Visual processing differences can affect how children with ASD perceive their environment, process information, and engage with others. These difficulties may lead to challenges in interpreting social cues, navigating complex environments, and maintaining attention—especially when visual scenes are cluttered with irrelevant details—thereby hindering participation in daily activities [2,5]. This particularly affects the ability to understand and respond to visual information in school, online environments, and daily life [13]. Visual motion processing issues can make it difficult to track moving objects, predict spatial trajectories, and perform dynamic visual processing tasks. These various visual processing challenges contribute to the multifaceted nature of ASD and highlight the importance of understanding and address these challenges to improve the adaptive functioning and quality of life of children with ASD [2,14]. The integrity of visual processing significantly affects how individuals with ASD perceive their environment and interact with it, impacting their participation in daily activities and social interactions [4].
Understanding and addressing the impact of visual perception on the lives of children with ASD is crucial to developing targeted interventions that promote inclusion and improve their overall well-being. However, while previous studies have described visual processing anomalies in ASD, there remains a limited understanding of how these visual perception difficulties specifically influence everyday participation in various life contexts. This study addresses this gap by examining the direct relationship between visual perception skills and participation levels, considering the influence of demographic variables, to guide targeted interventions. This study aimed to evaluate visual perception and participation levels in children with ASD, considering demographic variables, and to examine the relationship between visual perception skills and daily life participation.
Materials and methods
Design
This descriptive and cross-sectional study examines the relationship between the total score of the “Motor-Free Visual Perception Test – 4” (MVPT-4), which assesses visual perception in children with Autism Spectrum Disorder, and the total score of the “Child and Adolescent Scale of Participation” (CASP), which evaluates participation in home, school, neighborhood, and community settings. The study was conducted in accordance with the STROBE statement, which provides guidelines for observational research. The study protocol was approved by the Hamidiye Non-invasive Investigation Ethics Committee (13 February 2023-22/625).

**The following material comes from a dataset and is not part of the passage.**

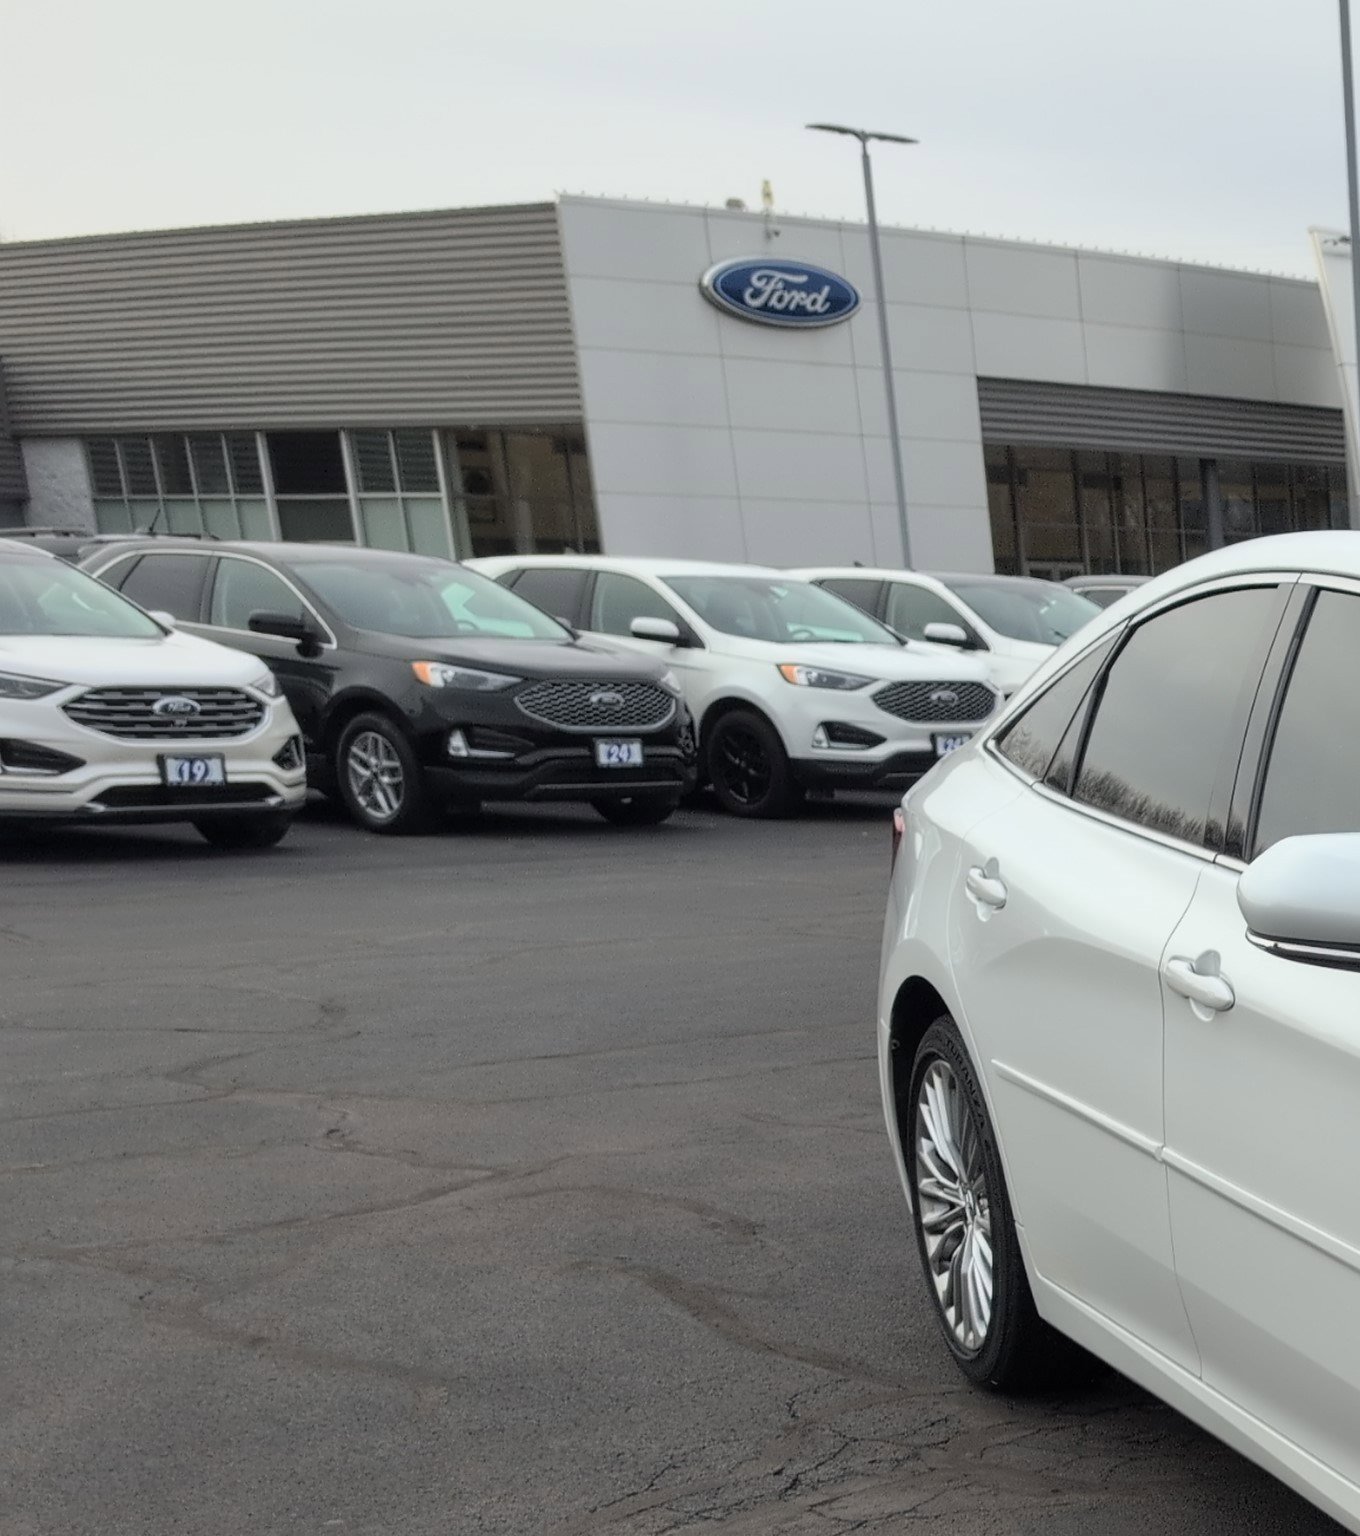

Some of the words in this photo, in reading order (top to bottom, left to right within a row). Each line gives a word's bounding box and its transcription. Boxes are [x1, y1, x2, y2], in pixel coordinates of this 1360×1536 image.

[744, 269, 831, 313] Ford
[609, 743, 629, 762] 24
[181, 760, 206, 782] 19

The simple random sampling method was used to select the participants in the study. Before administering the data collection forms, verbal consent was obtained from the participating children, and written informed consent was acquired from their parents through the “Parent Consent Form.” After receiving consent, the researchers conducted questionnaires with the parents of children diagnosed with ASD. The survey forms were printed and administered face-to-face.
Sample
Between 15 June 2023 and 22 July 2024, a total of 79 children were interviewed for this study, and 18 children did not meet the inclusion criteria. The population of this study consisted of 61 children diagnosed with ASD who were receiving education at the Special Education and Rehabilitation Center in Istanbul. The sample size was calculated using G*Power Version 3.1.9.4 software for Pearson correlation analysis. Setting the Type I error rate at 0.05 and the statistical power at 0.80, with the effect size index for Pearson correlation coefficient set at medium (0.35), as suggested by Cohen. The required sample size was determined to be 61 participants. The inclusion criteria for the study are as follows: having a diagnosis of ASD, being between the ages of 7 and 10, the voluntary participation of both the child and their family, having a basic level of communication skills (e.g., understanding simple instructions), regularly attending education at a special education and rehabilitation center. The exclusion criteria include having a known neurological disorder or cortical visual impairment, having a secondary diagnosis (e.g., Down syndrome, intellectual disability, or Attention Deficit Hyperactivity Disorder), and the use of visual or auditory assistive devices (e.g., glasses or hearing aids).
Data collection tools
In this study, data were collected through the Personal Information Form, the Child and Adolescent Scale of Participation (CASP), and the Motor-Free Visual Perception Test-4 (MVPT-4).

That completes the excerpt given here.